Are you making these 3 mistakes when planning your training?

1. Not understanding the boundaries of different types of training

2. Training the wrong types of sessions together

3. Emphasising the wrong type of training either too far away or too close to a fight

It’s important to understand that TYPES of training are different to training SESSIONS. By training types, I’m referring to training that targets or stresses certain physiological adaptations.


Before I go into more detail on training types and how they affect each other, let me give you an overview of the typical number of different training sessions in a week for a Thai boxer.

2x strength/power resistance training sessions

3x cardio conditioning sessions

2-6x Muay Thai sessions if you’re training outside of Thailand, depending on your competitive level

…or 6-12 Muay Thai sessions if training in Thailand!!

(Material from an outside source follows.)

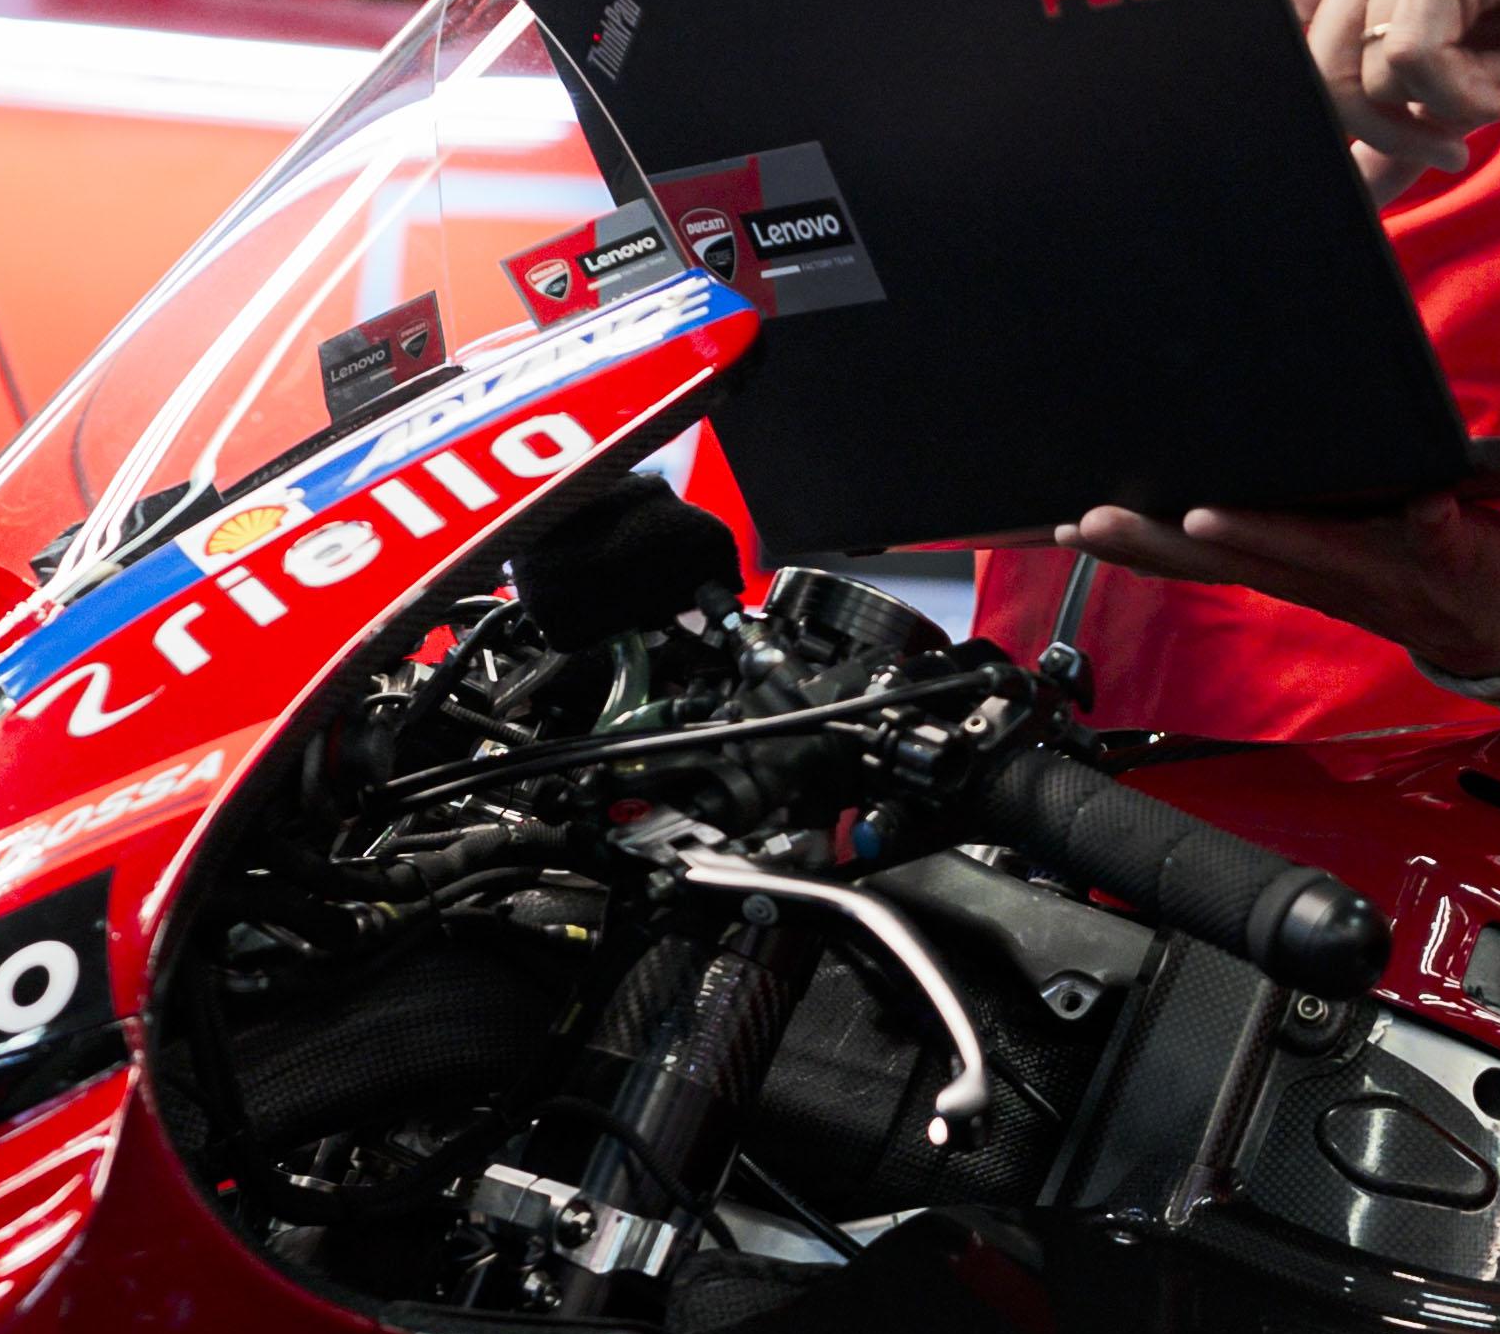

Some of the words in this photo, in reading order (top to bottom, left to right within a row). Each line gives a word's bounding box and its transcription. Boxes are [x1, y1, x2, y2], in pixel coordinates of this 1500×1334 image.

I classify Muay Thai sessions as pad work, bag work and sparring. Everything else is strength and conditioning – it’s supplemental training to make you better in a way Muay Thai training alone can’t.

It’s easy to plan traditional Muay Thai training weeks and individual sessions, because it’s effectively all endurance training. There’s little in the way of conflicting adaptations to manage. But saying that, it’s still unknowingly messed up by many… more on that in a moment!

But as soon as we add strength/power training, we need to be careful that training sessions don’t “cancel each other out”.


Training sessions can hit more than one training stimulus or type. The types of training I’m referring to are speed, strength/power resistance training (neuromuscular), aerobic endurance training and anaerobic lactic endurance training. It’s important you understand what these are, and train them in the right order to avoid wasting time and achieve your best personal performance.

As a fighter, you must concurrently train both strength and endurance qualities. The problem is it’s difficult for your to body adapt to these conflicting demands!

That’s why sprinters aren’t good marathon runners, and vice-versa.

But, the best Thai boxers must be great “all-rounders”, with speed, power and endurance. And that needs planning!

By properly sequencing a strength and conditioning program, we can reduce the conflicting impact of placing strength and endurance training types too close together. And of course benefit from getting the best from both types of training – and hopefully, your opponent isn’t!


As well as having an overall plan for a “Training Phase” as I call it (running from one major fight to the next), we also have a plan specifically for each week too.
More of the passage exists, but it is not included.